TASK PROMPT: All entries are to be transcribed verbatim, but images are not carried over.

(SUPPLIED INFORMATION begins)

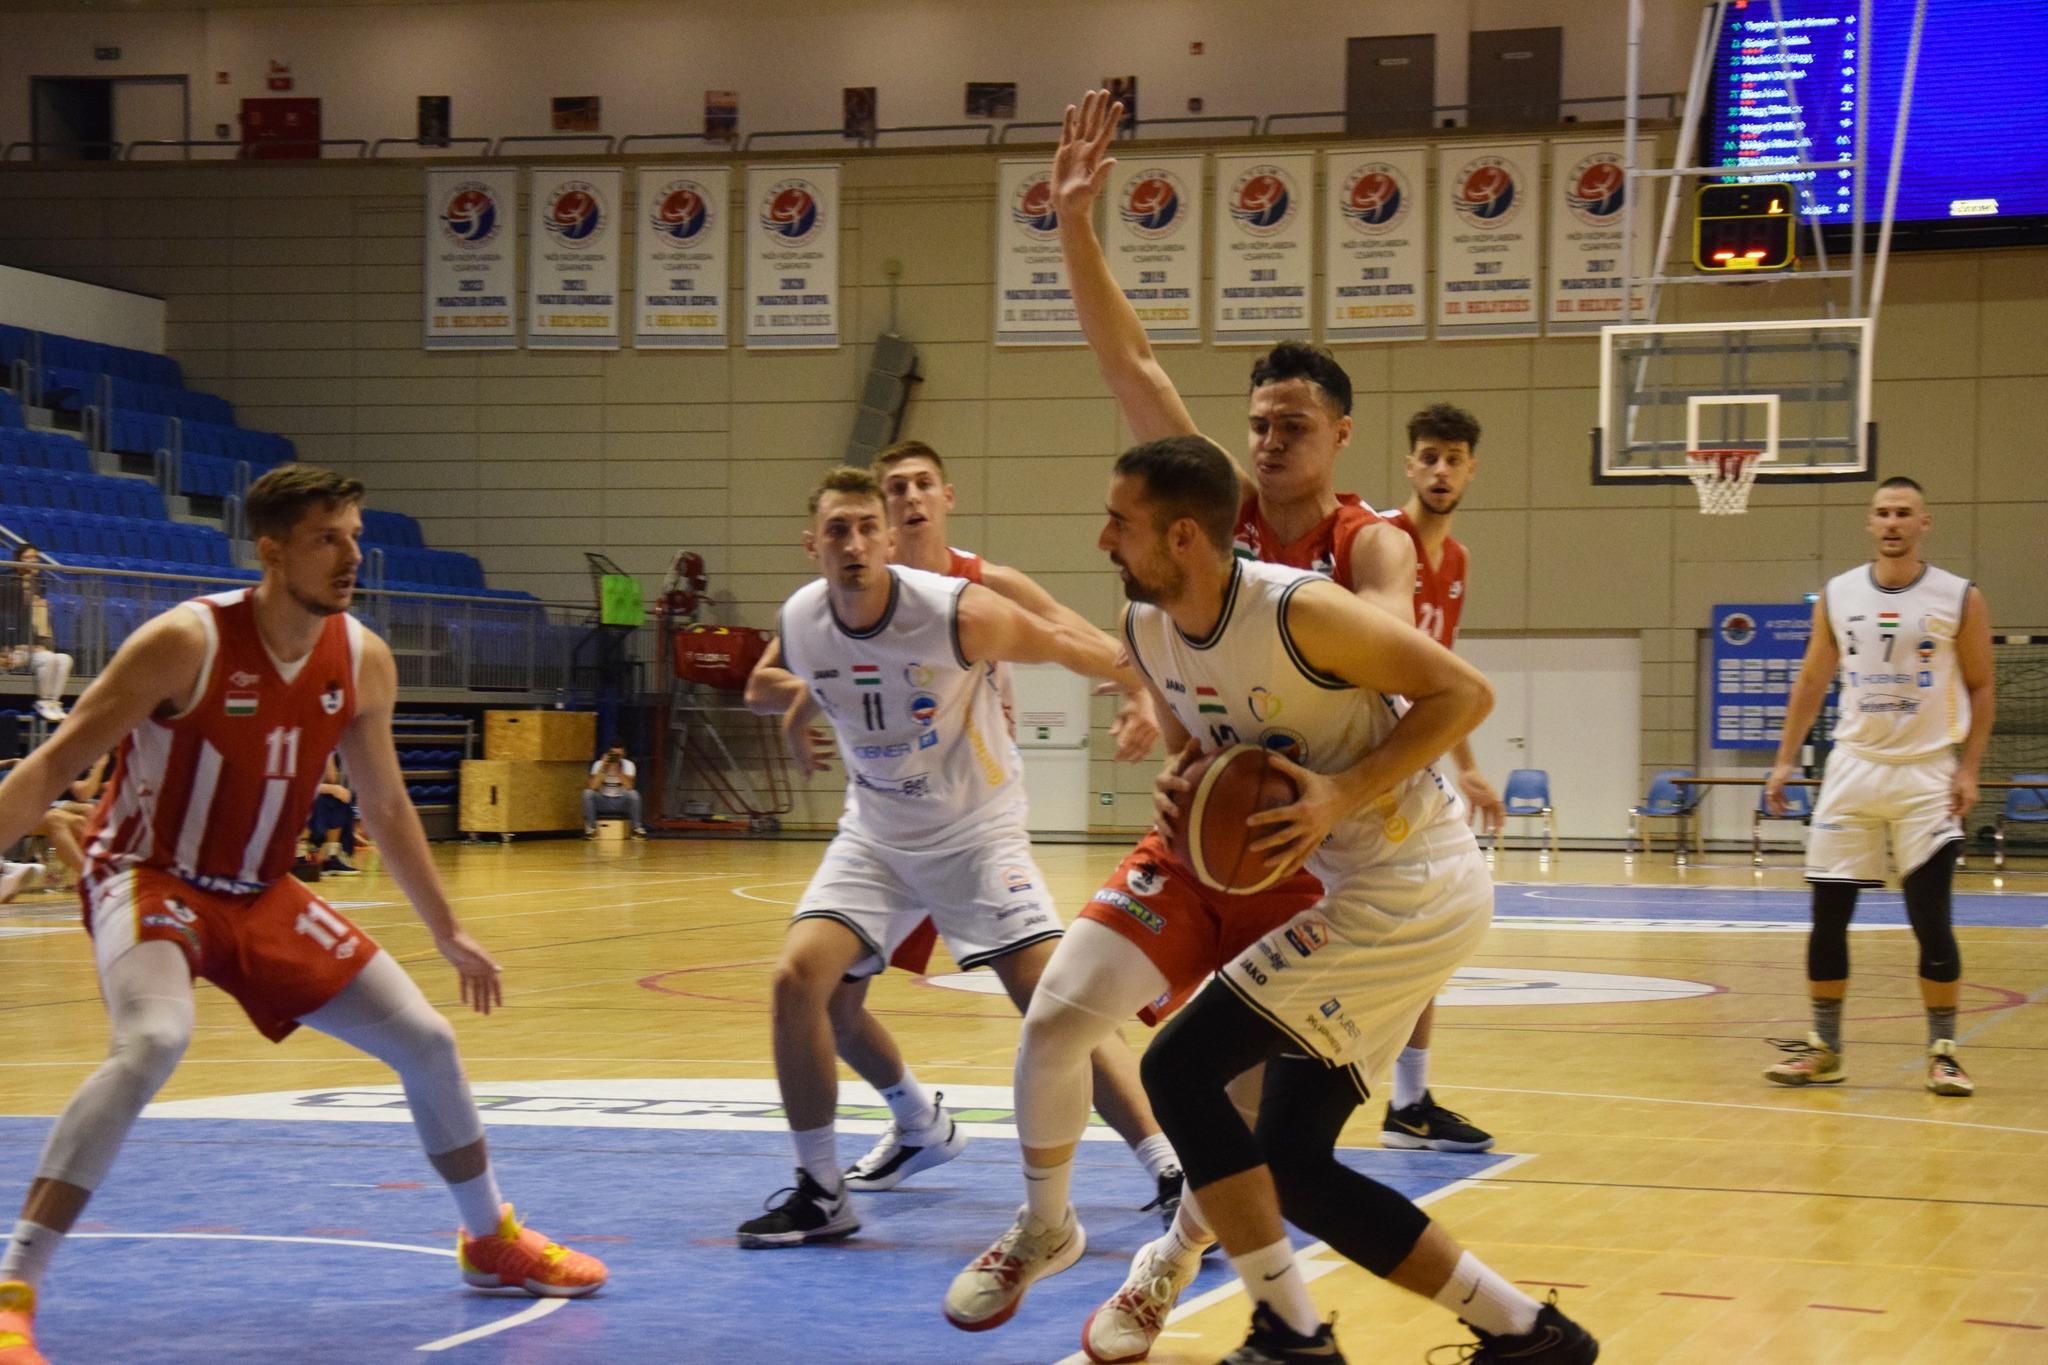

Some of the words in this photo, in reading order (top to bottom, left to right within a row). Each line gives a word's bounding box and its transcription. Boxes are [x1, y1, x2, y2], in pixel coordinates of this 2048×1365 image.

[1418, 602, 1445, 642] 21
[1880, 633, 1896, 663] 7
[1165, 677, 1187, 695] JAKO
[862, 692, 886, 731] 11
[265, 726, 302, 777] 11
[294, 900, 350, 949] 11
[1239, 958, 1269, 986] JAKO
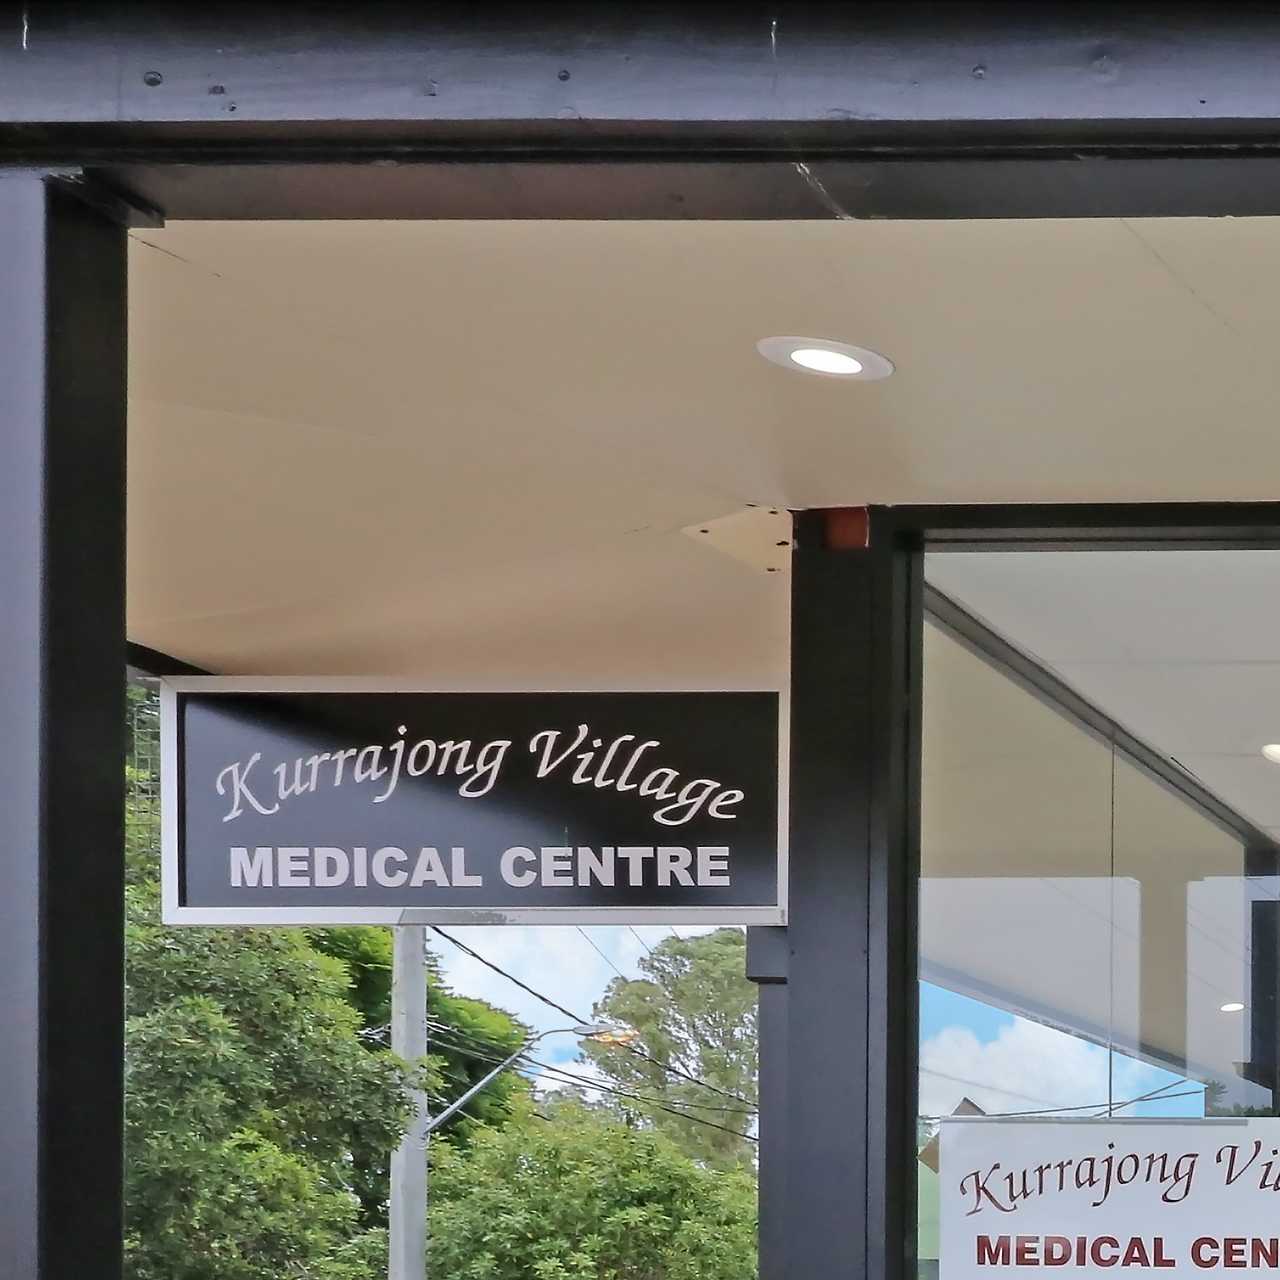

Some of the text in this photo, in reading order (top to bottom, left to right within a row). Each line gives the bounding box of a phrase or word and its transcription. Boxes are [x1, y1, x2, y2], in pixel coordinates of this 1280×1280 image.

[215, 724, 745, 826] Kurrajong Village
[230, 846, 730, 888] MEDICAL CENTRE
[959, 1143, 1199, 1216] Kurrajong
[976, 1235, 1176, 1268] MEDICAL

(SUPPLIED INFORMATION ends)

RESPONSE:
Some of the words in this photo, in reading order (top to bottom, left to right within a row). Each line gives a word's bounding box and its transcription. Boxes are [x1, y1, x2, y2], in pixel coordinates of this 2048×1365 image.

[1418, 602, 1445, 642] 21
[1880, 633, 1896, 663] 7
[1165, 677, 1187, 695] JAKO
[862, 692, 886, 731] 11
[265, 726, 302, 777] 11
[294, 900, 350, 949] 11
[1239, 958, 1269, 986] JAKO

Some of the text in this photo, in reading order (top to bottom, left to right within a row). Each line gives the bounding box of a phrase or word and its transcription. Boxes are [x1, y1, x2, y2], in pixel coordinates of this 1280×1280 image.

[215, 724, 745, 826] Kurrajong Village
[230, 846, 730, 888] MEDICAL CENTRE
[959, 1143, 1199, 1216] Kurrajong
[976, 1235, 1176, 1268] MEDICAL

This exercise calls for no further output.